## To do
Lines from the one with "this 2520×1477 image." through the end of the listing below should be set down exactly, with no other line included.

┌──

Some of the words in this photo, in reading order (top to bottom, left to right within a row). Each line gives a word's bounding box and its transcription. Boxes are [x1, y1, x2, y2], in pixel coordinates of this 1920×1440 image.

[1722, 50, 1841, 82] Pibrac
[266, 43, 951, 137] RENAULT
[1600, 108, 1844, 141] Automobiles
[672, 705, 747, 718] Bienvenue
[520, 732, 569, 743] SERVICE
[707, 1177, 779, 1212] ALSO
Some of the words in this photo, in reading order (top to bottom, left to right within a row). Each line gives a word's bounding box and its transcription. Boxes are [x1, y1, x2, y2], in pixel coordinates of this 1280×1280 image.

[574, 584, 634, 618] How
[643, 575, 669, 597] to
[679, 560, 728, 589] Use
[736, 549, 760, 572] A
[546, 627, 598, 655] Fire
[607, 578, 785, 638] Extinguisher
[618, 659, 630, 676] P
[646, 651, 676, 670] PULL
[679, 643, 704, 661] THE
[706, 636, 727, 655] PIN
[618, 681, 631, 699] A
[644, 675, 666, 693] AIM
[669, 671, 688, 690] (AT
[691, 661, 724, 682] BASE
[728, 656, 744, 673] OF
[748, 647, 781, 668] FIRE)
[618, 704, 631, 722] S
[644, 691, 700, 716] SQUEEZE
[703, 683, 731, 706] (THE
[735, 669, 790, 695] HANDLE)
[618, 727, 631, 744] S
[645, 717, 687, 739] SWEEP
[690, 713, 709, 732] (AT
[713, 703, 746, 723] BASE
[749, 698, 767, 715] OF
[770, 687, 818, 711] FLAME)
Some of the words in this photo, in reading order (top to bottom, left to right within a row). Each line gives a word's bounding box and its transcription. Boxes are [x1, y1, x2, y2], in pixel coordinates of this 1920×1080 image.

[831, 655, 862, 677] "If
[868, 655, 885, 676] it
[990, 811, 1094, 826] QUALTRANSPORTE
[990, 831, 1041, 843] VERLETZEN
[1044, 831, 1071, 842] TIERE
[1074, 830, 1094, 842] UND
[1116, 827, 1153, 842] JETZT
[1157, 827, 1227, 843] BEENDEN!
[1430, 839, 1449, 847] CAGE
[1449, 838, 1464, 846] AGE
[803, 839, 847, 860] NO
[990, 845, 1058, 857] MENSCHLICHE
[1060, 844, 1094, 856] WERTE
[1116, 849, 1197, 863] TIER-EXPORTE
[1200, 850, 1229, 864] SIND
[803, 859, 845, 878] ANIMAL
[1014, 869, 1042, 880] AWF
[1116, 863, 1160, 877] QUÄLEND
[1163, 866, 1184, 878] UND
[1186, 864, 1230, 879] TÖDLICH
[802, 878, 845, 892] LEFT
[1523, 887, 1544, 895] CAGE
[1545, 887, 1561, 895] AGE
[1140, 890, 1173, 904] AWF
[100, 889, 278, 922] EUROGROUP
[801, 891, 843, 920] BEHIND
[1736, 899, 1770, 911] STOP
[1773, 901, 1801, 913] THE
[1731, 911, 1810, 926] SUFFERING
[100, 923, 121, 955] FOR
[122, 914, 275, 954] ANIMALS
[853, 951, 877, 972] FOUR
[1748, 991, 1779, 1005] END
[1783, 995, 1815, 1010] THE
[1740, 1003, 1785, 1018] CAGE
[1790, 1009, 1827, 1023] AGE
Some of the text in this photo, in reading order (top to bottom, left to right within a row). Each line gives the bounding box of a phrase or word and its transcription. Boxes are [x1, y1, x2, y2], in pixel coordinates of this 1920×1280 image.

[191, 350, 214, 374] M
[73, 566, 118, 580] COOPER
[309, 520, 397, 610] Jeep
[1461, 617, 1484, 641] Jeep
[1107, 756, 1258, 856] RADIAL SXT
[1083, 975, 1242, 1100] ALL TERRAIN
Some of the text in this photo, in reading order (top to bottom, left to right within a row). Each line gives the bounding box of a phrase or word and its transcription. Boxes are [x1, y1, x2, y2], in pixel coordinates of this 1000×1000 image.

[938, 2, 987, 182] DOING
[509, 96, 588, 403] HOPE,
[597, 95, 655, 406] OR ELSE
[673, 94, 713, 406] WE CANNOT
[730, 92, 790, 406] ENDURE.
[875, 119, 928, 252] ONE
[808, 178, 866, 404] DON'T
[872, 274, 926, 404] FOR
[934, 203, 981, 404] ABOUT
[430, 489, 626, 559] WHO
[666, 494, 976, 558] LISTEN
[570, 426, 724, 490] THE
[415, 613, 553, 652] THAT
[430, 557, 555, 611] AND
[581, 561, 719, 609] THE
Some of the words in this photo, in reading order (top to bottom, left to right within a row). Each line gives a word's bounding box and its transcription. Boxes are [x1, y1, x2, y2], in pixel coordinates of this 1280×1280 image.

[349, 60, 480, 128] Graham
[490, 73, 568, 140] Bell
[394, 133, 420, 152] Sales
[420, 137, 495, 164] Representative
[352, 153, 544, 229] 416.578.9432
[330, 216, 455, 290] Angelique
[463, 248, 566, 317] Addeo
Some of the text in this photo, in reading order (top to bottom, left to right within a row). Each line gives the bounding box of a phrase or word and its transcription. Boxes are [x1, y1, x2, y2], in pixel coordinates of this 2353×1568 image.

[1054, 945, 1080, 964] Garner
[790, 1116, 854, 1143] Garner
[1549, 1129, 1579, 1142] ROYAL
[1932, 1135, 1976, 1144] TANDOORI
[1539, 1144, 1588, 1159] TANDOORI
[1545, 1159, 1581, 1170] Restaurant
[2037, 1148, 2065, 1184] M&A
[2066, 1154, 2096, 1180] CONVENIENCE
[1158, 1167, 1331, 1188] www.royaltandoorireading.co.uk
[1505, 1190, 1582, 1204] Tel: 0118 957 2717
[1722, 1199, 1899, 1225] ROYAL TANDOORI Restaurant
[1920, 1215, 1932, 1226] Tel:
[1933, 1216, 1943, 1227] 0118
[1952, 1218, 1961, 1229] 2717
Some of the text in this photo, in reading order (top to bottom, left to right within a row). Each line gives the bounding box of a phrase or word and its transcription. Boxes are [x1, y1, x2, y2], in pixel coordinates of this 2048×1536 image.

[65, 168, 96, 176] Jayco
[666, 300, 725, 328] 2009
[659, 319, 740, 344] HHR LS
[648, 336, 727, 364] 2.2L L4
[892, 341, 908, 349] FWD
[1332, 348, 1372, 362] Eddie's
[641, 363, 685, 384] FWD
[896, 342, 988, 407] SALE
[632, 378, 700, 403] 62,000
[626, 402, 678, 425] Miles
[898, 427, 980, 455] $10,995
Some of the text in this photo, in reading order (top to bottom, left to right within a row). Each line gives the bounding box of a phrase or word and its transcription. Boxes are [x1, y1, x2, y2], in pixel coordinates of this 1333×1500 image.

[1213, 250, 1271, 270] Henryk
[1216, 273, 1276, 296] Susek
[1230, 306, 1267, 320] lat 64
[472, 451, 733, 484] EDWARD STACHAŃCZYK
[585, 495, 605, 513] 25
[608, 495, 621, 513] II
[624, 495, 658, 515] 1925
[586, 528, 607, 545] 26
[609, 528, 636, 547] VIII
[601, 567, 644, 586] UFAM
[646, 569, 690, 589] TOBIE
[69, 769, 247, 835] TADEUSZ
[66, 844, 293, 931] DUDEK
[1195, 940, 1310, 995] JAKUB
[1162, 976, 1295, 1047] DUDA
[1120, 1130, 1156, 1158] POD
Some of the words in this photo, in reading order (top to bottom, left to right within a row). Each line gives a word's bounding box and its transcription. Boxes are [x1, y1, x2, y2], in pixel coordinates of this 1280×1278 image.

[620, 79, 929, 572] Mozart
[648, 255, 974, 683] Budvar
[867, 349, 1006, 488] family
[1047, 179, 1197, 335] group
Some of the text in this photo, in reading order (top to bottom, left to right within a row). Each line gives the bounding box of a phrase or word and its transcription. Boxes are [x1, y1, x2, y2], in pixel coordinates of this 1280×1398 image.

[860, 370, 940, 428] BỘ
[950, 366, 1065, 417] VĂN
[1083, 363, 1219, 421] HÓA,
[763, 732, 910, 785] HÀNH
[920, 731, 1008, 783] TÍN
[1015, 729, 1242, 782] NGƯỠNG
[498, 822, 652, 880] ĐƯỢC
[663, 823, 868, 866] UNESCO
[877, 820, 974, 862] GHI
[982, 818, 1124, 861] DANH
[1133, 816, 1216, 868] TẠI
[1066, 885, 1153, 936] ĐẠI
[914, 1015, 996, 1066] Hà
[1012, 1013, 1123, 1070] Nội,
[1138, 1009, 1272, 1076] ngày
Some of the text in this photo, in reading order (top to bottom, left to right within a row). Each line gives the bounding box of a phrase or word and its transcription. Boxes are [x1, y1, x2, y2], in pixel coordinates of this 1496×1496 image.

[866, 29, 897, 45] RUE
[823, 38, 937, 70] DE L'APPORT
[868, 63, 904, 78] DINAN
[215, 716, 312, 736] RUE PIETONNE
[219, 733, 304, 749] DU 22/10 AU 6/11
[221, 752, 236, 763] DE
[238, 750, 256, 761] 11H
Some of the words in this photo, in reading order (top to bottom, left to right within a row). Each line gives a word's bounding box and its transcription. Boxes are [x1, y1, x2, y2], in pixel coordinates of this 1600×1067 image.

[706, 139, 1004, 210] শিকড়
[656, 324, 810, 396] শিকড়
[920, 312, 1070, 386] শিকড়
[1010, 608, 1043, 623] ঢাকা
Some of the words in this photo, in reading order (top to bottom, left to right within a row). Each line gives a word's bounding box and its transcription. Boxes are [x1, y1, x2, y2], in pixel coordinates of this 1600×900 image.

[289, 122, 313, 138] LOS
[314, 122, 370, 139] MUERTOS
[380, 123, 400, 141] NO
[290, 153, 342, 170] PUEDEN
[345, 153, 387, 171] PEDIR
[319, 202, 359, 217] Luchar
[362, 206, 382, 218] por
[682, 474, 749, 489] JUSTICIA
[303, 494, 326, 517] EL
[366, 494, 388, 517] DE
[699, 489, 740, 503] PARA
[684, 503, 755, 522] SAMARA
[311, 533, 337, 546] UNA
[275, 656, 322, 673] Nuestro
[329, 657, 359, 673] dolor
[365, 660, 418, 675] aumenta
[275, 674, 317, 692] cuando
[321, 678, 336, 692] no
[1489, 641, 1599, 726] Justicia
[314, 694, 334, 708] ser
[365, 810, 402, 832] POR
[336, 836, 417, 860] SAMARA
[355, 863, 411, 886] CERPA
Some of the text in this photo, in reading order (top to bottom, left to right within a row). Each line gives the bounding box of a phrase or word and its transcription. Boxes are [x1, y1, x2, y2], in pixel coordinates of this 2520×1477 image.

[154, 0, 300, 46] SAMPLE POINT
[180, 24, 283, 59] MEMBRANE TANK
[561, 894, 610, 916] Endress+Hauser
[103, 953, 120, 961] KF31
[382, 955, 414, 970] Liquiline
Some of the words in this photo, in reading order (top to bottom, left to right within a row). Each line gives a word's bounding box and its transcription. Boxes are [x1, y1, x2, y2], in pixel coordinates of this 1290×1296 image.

└──

## Answer to the exercise
Some of the text in this photo, in reading order (top to bottom, left to right within a row). Each line gives the bounding box of a phrase or word and its transcription. Boxes are [x1, y1, x2, y2], in pixel coordinates of this 2520×1477 image.

[154, 0, 300, 46] SAMPLE POINT
[180, 24, 283, 59] MEMBRANE TANK
[561, 894, 610, 916] Endress+Hauser
[103, 953, 120, 961] KF31
[382, 955, 414, 970] Liquiline
Some of the words in this photo, in reading order (top to bottom, left to right within a row). Each line gives a word's bounding box and its transcription. Boxes are [x1, y1, x2, y2], in pixel coordinates of this 1290×1296 image.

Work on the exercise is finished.